_Problem to solve_
Return, word for word, only the lines from the one containing "this 1702×1039 image." through the last line of the entries.
** Opening Material to process block **
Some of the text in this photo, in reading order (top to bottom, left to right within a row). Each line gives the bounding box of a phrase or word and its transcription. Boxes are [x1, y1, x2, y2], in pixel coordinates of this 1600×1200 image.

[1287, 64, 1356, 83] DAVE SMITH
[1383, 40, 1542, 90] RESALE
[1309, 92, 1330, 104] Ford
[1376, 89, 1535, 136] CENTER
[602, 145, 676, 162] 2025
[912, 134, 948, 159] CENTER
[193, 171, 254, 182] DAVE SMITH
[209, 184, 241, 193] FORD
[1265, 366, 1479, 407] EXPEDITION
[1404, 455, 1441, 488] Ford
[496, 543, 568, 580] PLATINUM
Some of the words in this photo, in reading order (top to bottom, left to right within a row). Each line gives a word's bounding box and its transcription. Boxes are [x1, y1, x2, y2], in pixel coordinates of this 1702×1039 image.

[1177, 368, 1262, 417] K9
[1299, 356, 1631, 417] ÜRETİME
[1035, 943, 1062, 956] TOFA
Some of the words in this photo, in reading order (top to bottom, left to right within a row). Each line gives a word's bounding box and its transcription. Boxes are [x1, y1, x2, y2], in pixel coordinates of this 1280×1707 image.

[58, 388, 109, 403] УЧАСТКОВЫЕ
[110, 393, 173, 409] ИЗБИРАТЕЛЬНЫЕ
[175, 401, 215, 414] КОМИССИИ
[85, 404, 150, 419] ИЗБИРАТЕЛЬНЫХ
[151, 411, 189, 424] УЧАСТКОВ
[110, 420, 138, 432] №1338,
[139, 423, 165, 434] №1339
** Closing Material to process block **
_Reply to the task_
Some of the words in this photo, in reading order (top to bottom, left to right within a row). Each line gives a word's bounding box and its transcription. Boxes are [x1, y1, x2, y2], in pixel coordinates of this 1702×1039 image.

[1177, 368, 1262, 417] K9
[1299, 356, 1631, 417] ÜRETİME
[1035, 943, 1062, 956] TOFA
Some of the words in this photo, in reading order (top to bottom, left to right within a row). Each line gives a word's bounding box and its transcription. Boxes are [x1, y1, x2, y2], in pixel coordinates of this 1280×1707 image.

[58, 388, 109, 403] УЧАСТКОВЫЕ
[110, 393, 173, 409] ИЗБИРАТЕЛЬНЫЕ
[175, 401, 215, 414] КОМИССИИ
[85, 404, 150, 419] ИЗБИРАТЕЛЬНЫХ
[151, 411, 189, 424] УЧАСТКОВ
[110, 420, 138, 432] №1338,
[139, 423, 165, 434] №1339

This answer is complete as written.